Paradoxalement, si la mort du SEO « à l'ancienne » s'annonce, ce n'est probablement pas la fin des experts en référencement. En tout cas de certains, ceux qui vont pouvoir s'adapter au « changement climatique » qui s'annonce. Car quelques tempêtes de force 12 sont à prévoir pour les gens qui n'ont pas encore compris dans quelle direction le train fou du progrès technologique nous emmène…

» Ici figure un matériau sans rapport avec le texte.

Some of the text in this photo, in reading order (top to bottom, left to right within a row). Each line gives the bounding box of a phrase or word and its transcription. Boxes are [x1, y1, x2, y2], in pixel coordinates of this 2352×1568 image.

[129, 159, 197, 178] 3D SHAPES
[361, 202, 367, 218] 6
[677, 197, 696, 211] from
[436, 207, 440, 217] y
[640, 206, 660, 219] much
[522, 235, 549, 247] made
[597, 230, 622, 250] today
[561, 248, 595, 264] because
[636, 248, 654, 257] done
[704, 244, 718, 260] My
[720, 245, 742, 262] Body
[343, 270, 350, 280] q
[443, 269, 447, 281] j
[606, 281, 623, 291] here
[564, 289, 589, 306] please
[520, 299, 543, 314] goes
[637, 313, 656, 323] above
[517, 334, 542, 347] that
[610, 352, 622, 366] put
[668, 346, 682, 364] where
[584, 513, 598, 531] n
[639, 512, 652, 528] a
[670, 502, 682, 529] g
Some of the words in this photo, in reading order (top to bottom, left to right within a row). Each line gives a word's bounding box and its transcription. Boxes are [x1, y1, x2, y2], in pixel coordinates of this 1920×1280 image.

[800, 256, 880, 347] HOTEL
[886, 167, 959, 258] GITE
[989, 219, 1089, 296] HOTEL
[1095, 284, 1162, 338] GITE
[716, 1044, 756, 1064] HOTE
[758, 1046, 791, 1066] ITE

A court terme, des référenceurs écartelés entre content marketing et SEO technique

Pour le moment, les anciennes techniques fonctionnent. Google conçoit son algorithme comme un mille feuilles, où les améliorations de l'algorithme s'empilent par couches, un peu comme les strates en géologie. Mais les « vieux » principes sont toujours à l'œuvre, ils constituent les fondations sur lesquelles sont construites les fonctionnalités les plus sophistiquées. Quand Google a présenté Rankbrain, l'une des premières briques de l'algorithme utilisant des technologies  d'Intelligence Artificielle, tout le monde s'était étonné d'apprendre que cet élément avait été ajouté des mois auparavant sans que personne s'en aperçoive. En fait, Rankbrain a apporté une amélioration, pas une révolution.

C'est la situation aujourd'hui. Cela pourrait changer demain, beaucoup plus radicalement. En parallèle,  les attentes des éditeurs de sites web vis-à-vis du SEO, et des experts, ont beaucoup évolué, et cela change peu à peu les contours du métier.

D'un côté, on demande aux experts en SEO de résoudre de plus en plus de challenges techniques, ce qui explique le renouveau du « technical SEO ». De l'autre, les clients comprennent que la visibilité dans les moteurs de recherche demande de plus en plus de disposer d'un contenu adapté, ce qui se traduit par la montée en puissance du content marketing.

La montée en puissance du SEO technique

La maîtrise des aspects techniques a toujours constitué l'un des fondements du référencement. Pourtant, le « Technical SEO » apparait en 2018 comme un nouveau buzzword.

Il est intéressant de constater qu'il a fallu attendre la période actuelle pour qu'une telle sous-discipline apparaisse. C'est le reflet d'une réalité : pour faire un site web aujourd'hui, il faut réunir des spécialistes (développeurs front, back, infras, designers web, etc.) là ou au début des années 2000 on pouvait s'adresser à un être hybride aux talents multiples : le webmaster. Jusqu'à une époque récente, les référenceurs devaient également maîtriser des compétences multiples.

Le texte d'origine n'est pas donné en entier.